Ce texte mettait principalement en évidence la proximité géographique entre les Canaries et les côtes africaines, l’héritage colonial espagnol ainsi que le statut toujours controversé du Sahara occidental. Il décrivait une carte.
La crise survenue à Ceuta les 30 et 31 juillet 2026 en révèle désormais le mécanisme.
Selon les estimations relayées par les autorités et plusieurs médias, entre 49 000 et 60 000 personnes auraient pénétré dans l’enclave espagnole en moins de vingt-quatre heures, principalement depuis le Maroc. Une partie importante d’entre elles serait ensuite retournée au Maroc, volontairement ou dans le cadre des procédures mises en œuvre par les deux pays. Le nombre exact d’entrées et le bilan humain restent encore variables selon les sources.

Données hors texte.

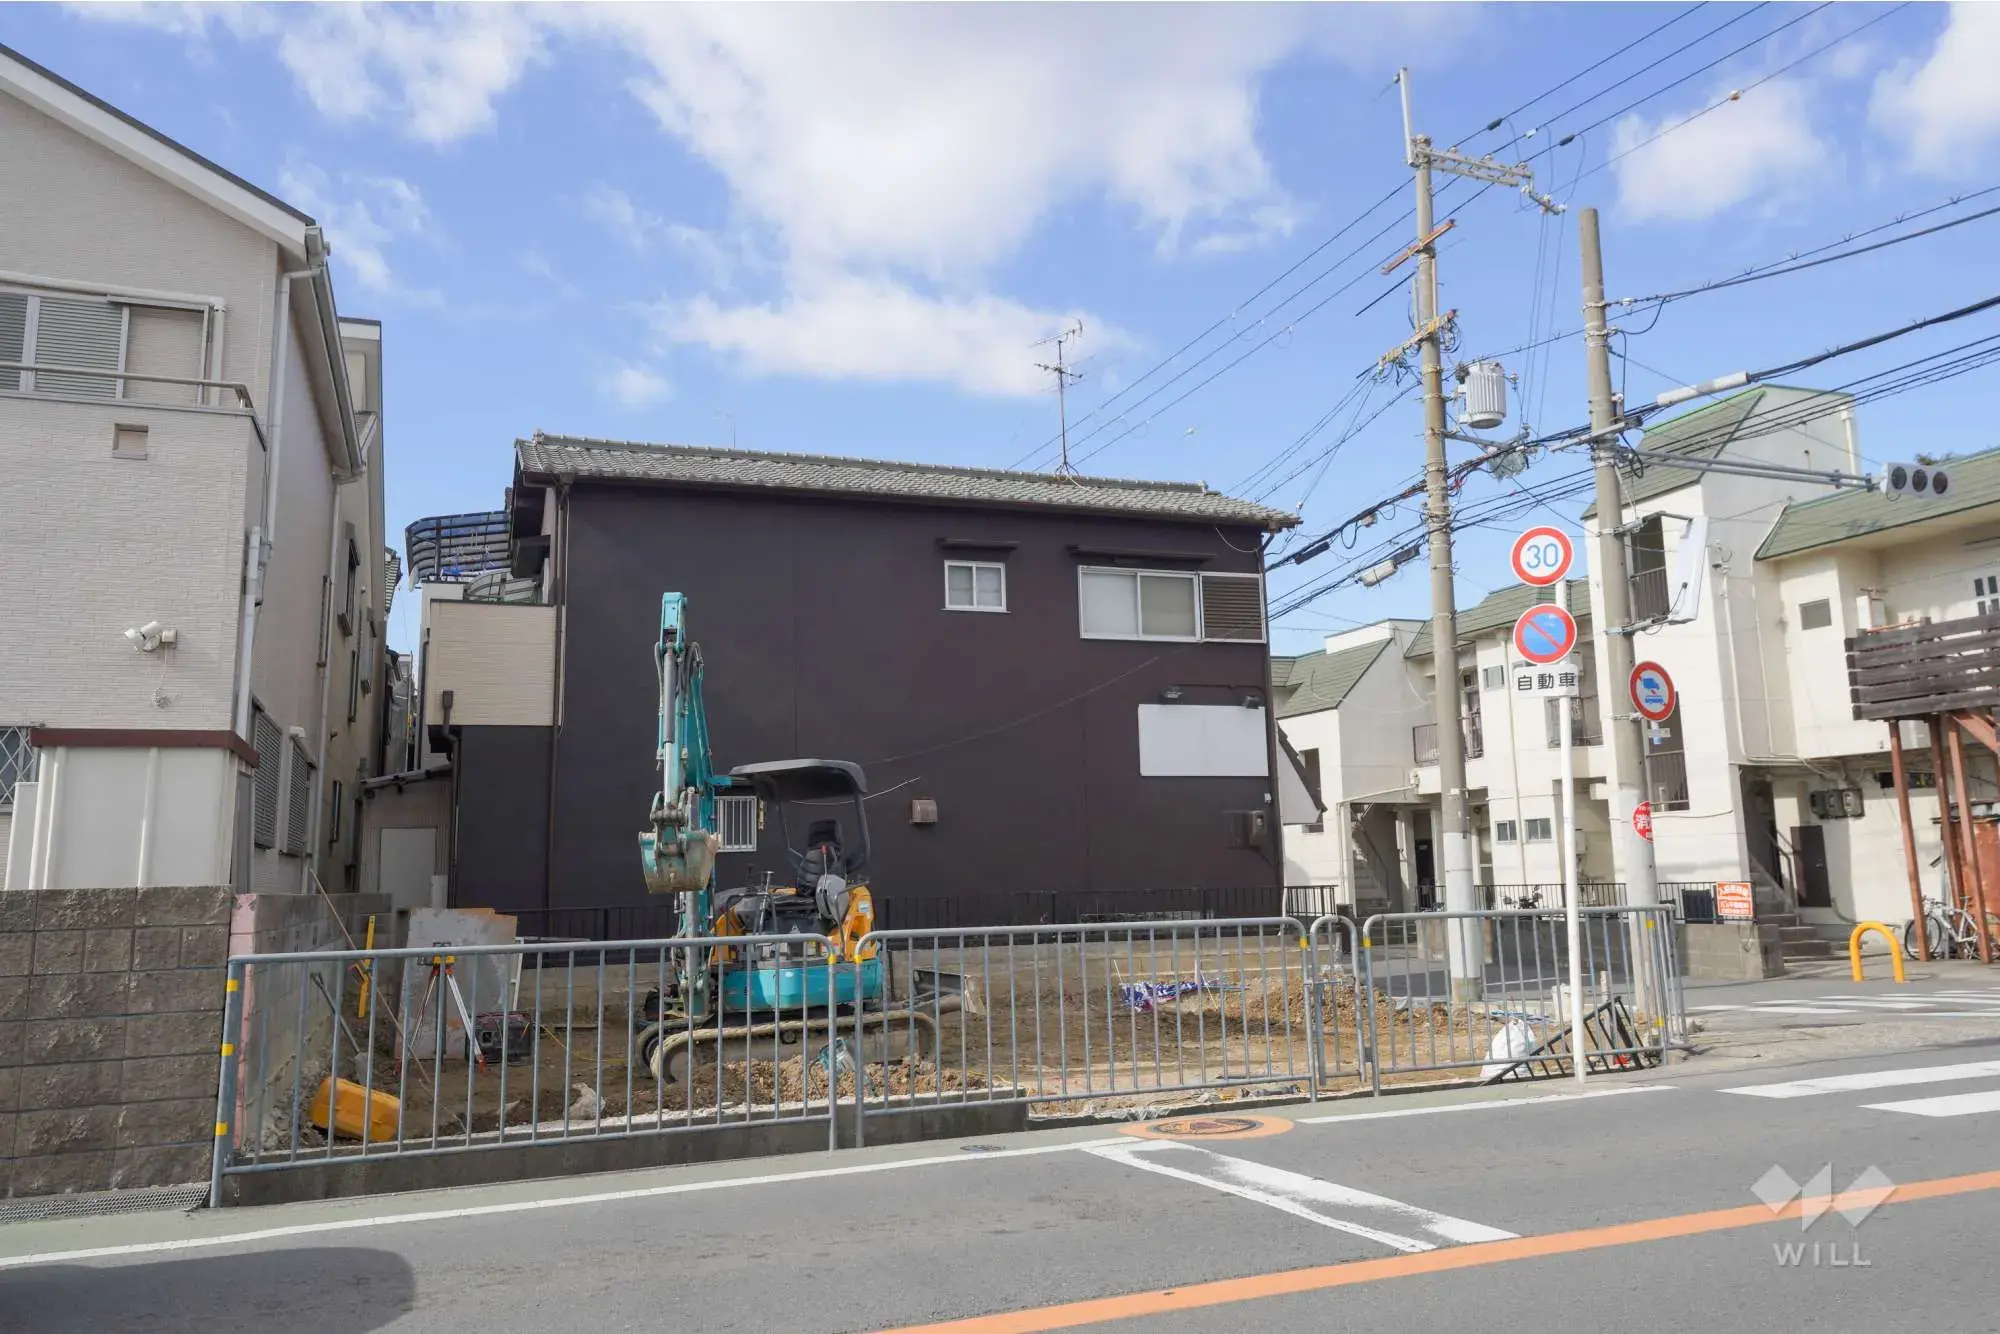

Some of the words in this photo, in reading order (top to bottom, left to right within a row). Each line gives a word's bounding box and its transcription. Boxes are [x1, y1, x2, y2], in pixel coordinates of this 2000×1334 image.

[1526, 543, 1558, 569] 30
[1517, 672, 1577, 691] 自動車
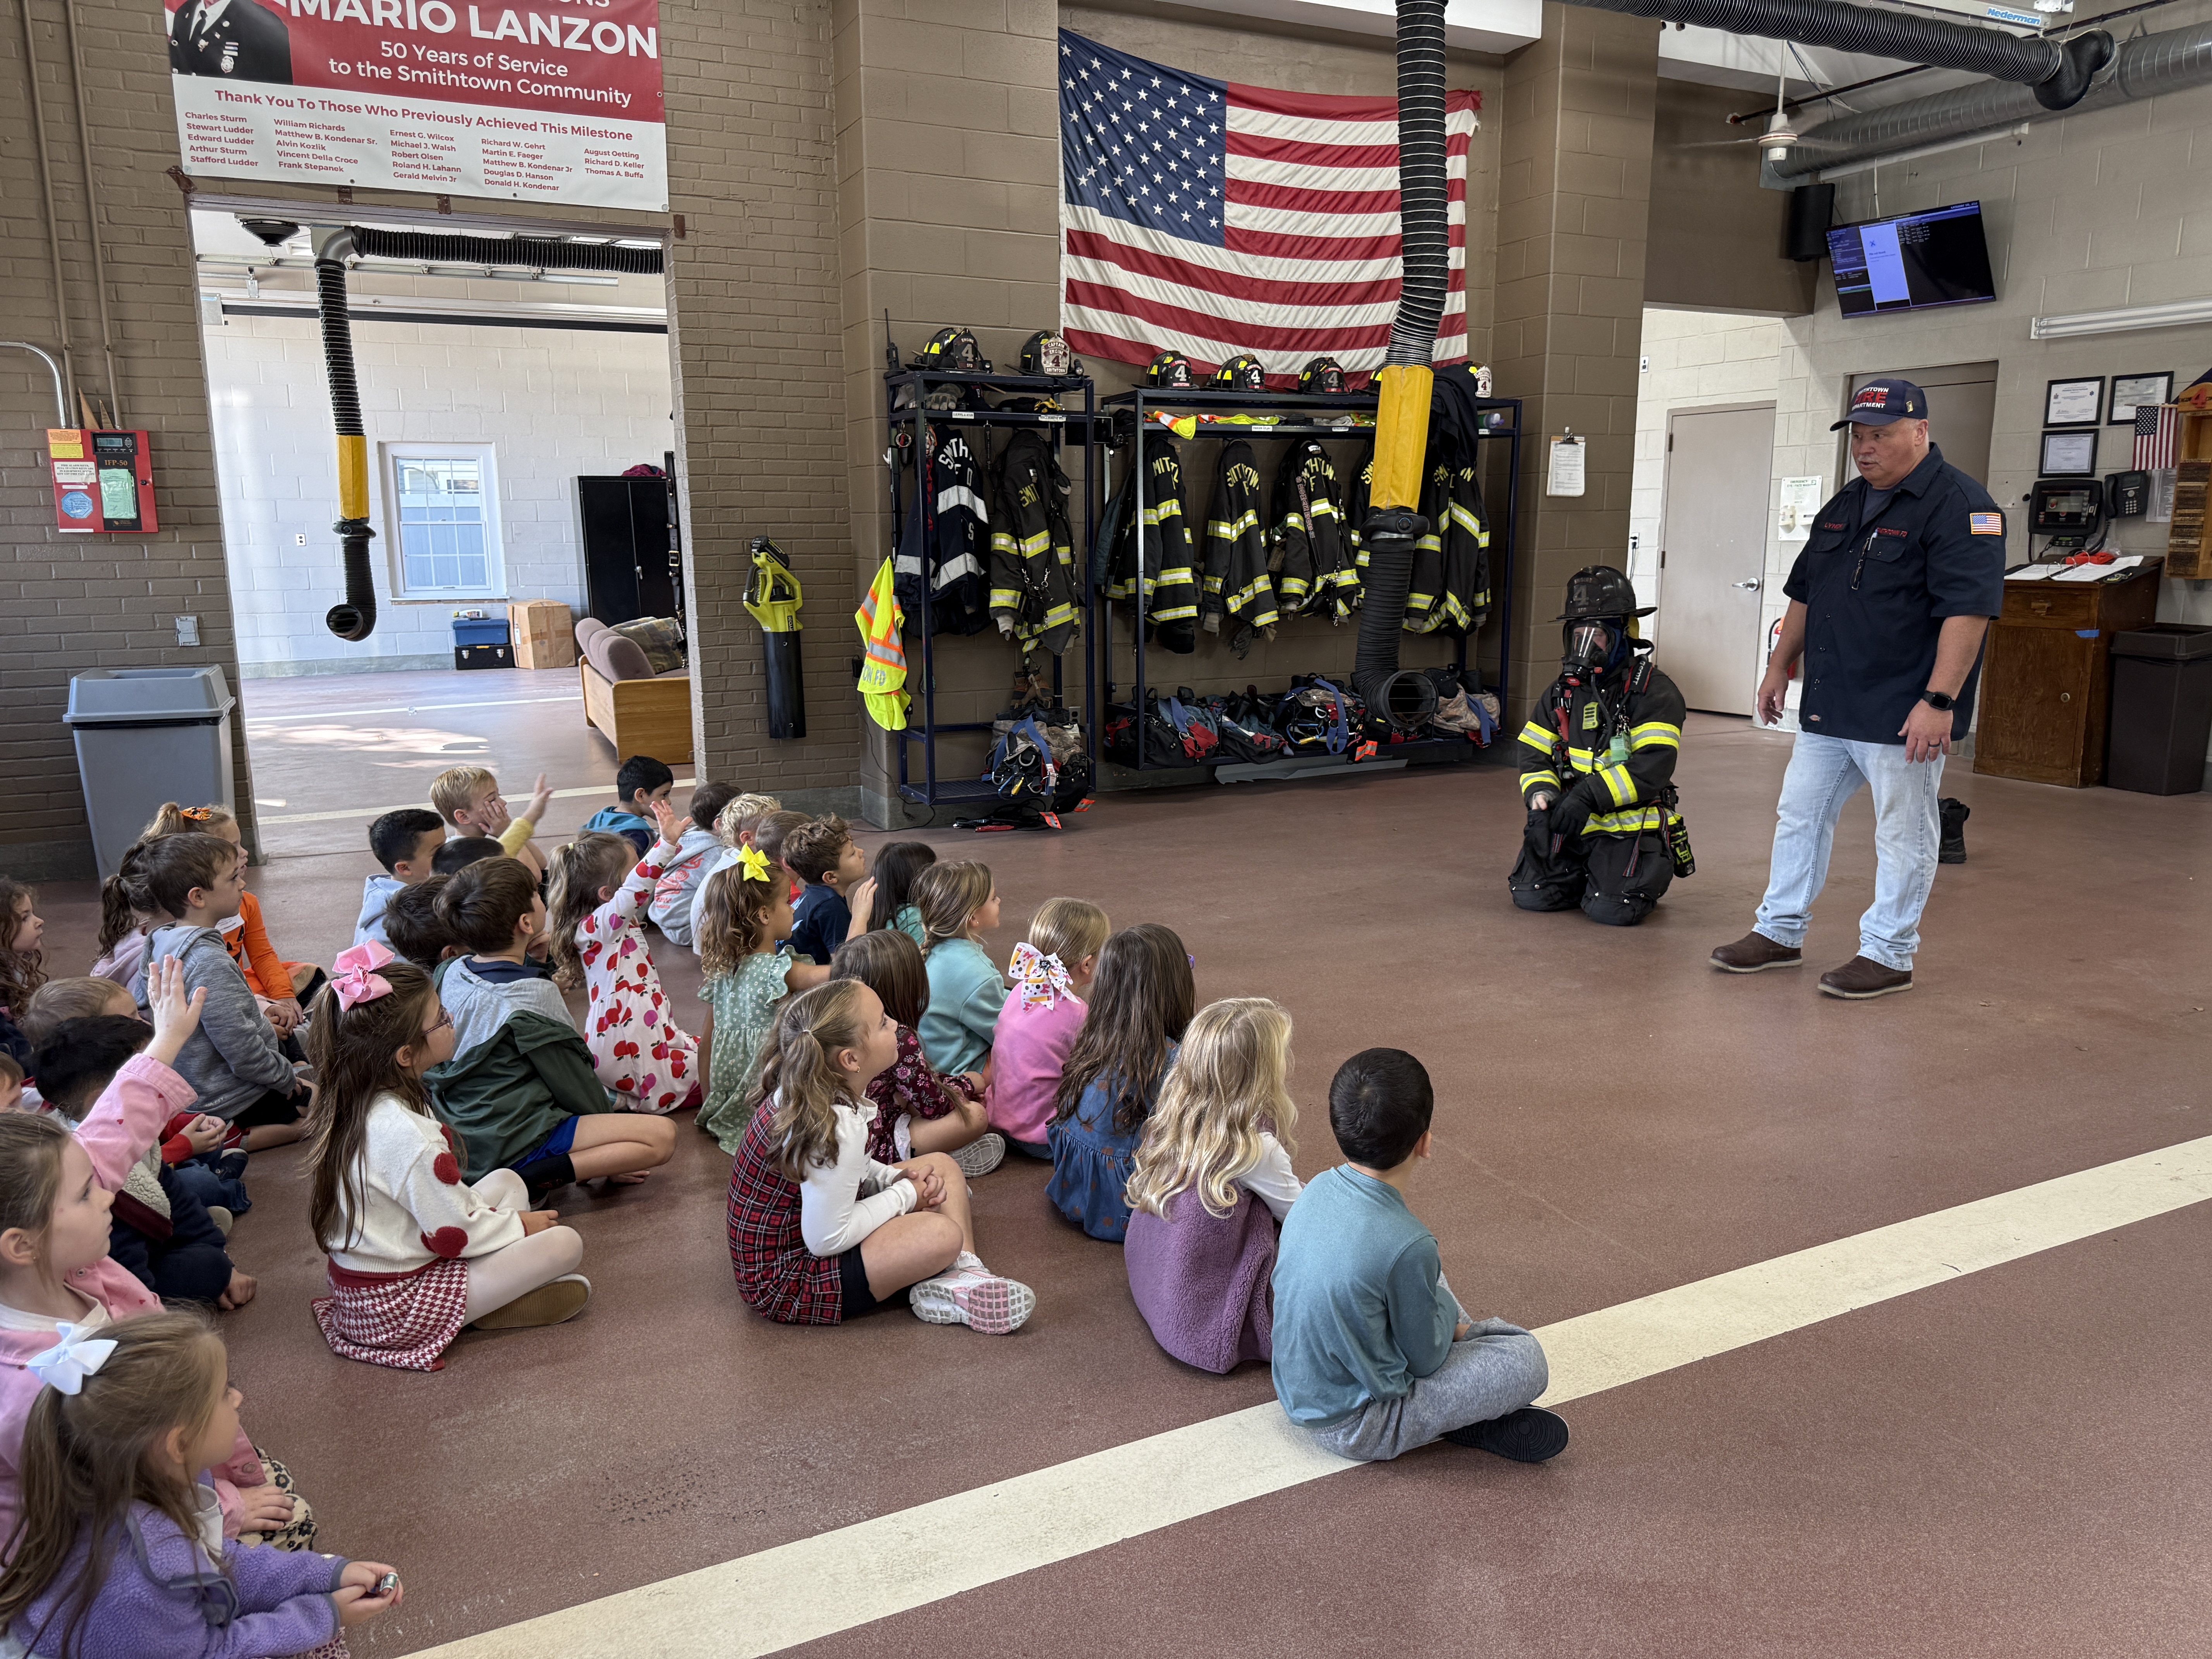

Face à cette situation, Pedro Sánchez a parlé d’une « violation de l’intégrité territoriale de l’Espagne ».
Mais il n’a pas désigné le Maroc comme responsable.
Le chef du gouvernement espagnol a accusé les réseaux de trafic d’êtres humains d’avoir exploité une récente décision judiciaire relative aux refoulements à la frontière. Il a parallèlement salué la coopération des autorités marocaines, qualifiant le Maroc d’allié et affirmant que le dialogue entre Madrid et Rabat demeurait constant.
Cette position soulève une question simple, mais redoutable :
> Comment peut-on parler d’une atteinte à l’intégrité territoriale d’un État tout en attribuant exclusivement l’événement à des réseaux criminels sans capacité étatique apparente ?
Une crise migratoire ou une opération de déstabilisation ?
Il faut commencer par ce que nous savons.
Des réseaux de passeurs peuvent diffuser de fausses informations, organiser des déplacements, alimenter des rumeurs et convaincre des milliers de personnes qu’une fenêtre exceptionnelle vient de s’ouvrir. La décision évoquée par Sánchez aurait effectivement pu être présentée de manière trompeuse comme empêchant toute expulsion immédiate des personnes arrivant à Ceuta par la mer.
Les réseaux sociaux permettent aujourd’hui de provoquer des mouvements collectifs en quelques heures. Une rumeur sur l’ouverture d’une frontière peut se propager plus rapidement que les démentis officiels.
Cependant, l’ampleur du phénomène pose problème.
Mobiliser plusieurs dizaines de milliers de personnes ne signifie pas seulement les convaincre de partir. Il faut également qu’elles puissent se déplacer vers une zone frontalière extrêmement surveillée, atteindre le littoral ou les points de passage et franchir la frontière sans que le dispositif sécuritaire situé en amont ne puisse entièrement les contenir.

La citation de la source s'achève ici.